Cena do filme O som ao redor, de Kleber Mendonça Filho

sexta-feira, 15 de janeiro de 2016

A DAMA AFOGADA         

Lincoln Secco, em Núcleo de Estudos d’o Capital, sugerido por Antônio David

Existe uma situação no xadrez em que um jogador em absoluta inferioridade consegue empatar a partida. O seu Rei está ameaçado por todos os lados e ele não pode fazer nenhum movimento. Ainda assim, não está em cheque e nessa situação sem saída declara-se o empate. Alguns chamam a isso de “Rei afogado”.

É óbvio que a presidenta Dilma Roussef está numa situação assim: a que poderia ser chamada de Dama afogada, caso as regras do Xadrez não tivessem sido inventadas por homens.
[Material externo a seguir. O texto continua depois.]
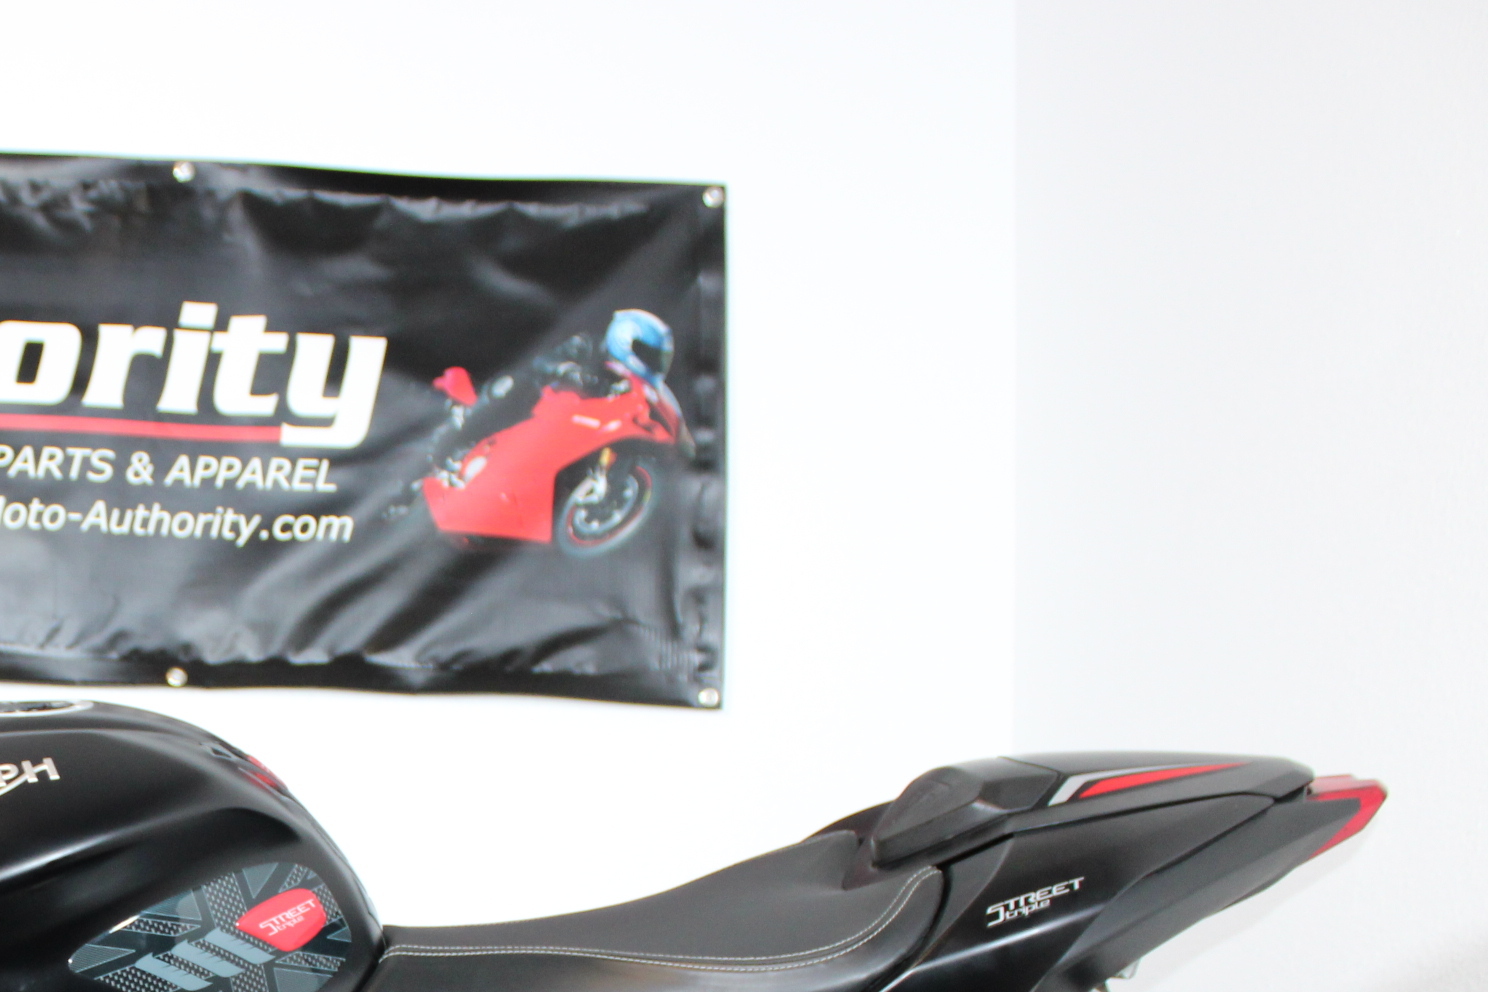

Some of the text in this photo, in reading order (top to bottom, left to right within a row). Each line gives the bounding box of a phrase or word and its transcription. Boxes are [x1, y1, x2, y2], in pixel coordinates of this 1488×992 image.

[125, 450, 154, 486] &
[164, 454, 338, 492] APPAREL
[259, 899, 316, 936] STREET
[986, 876, 1085, 927] STREET
[1006, 898, 1051, 917] triple
Cercada por todos os lados, é preciso dizer que não é de somenos importância que a primeira mulher presidenta tenha resistido ao apelo pela renúncia. Talvez a sua força individual nesse isolamento venha a ser o único legado de um governo desastroso.

Colapso

Durante a crise do governo tucano em seu segundo mandato, embora o PT liderasse manifestações de rua e o petista Tarso Genro tivesse sugerido a renúncia de FHC, o partido jamais contou com apoio do PMDB (e obviamente da mídia) para um golpe contra um presidente em baixa popularidade e marcado pela ilegitimidade de uma reeleição comprada no Congresso.

Quando o PT chegou ao governo imobilizou os movimentos sociais, como era de se esperar e, assim, o partido constituiu o polo negativo de um circuito que reproduz uma Democracia Racionada.

Claro que ele visou reformar por dentro, mas a única saída seria em algum momento o curto-circuito.

Só que depois de junho  de 2013 o polo negativo que compunha o circuito fechado da dominação democrática desapareceu e tornou supérflua a esquerda integrada, especialmente porque ela é parecida, mas não é igual à Direita. Ela aceitou a Economia como o reino intocável, mas insistiu em alguns gastos sociais.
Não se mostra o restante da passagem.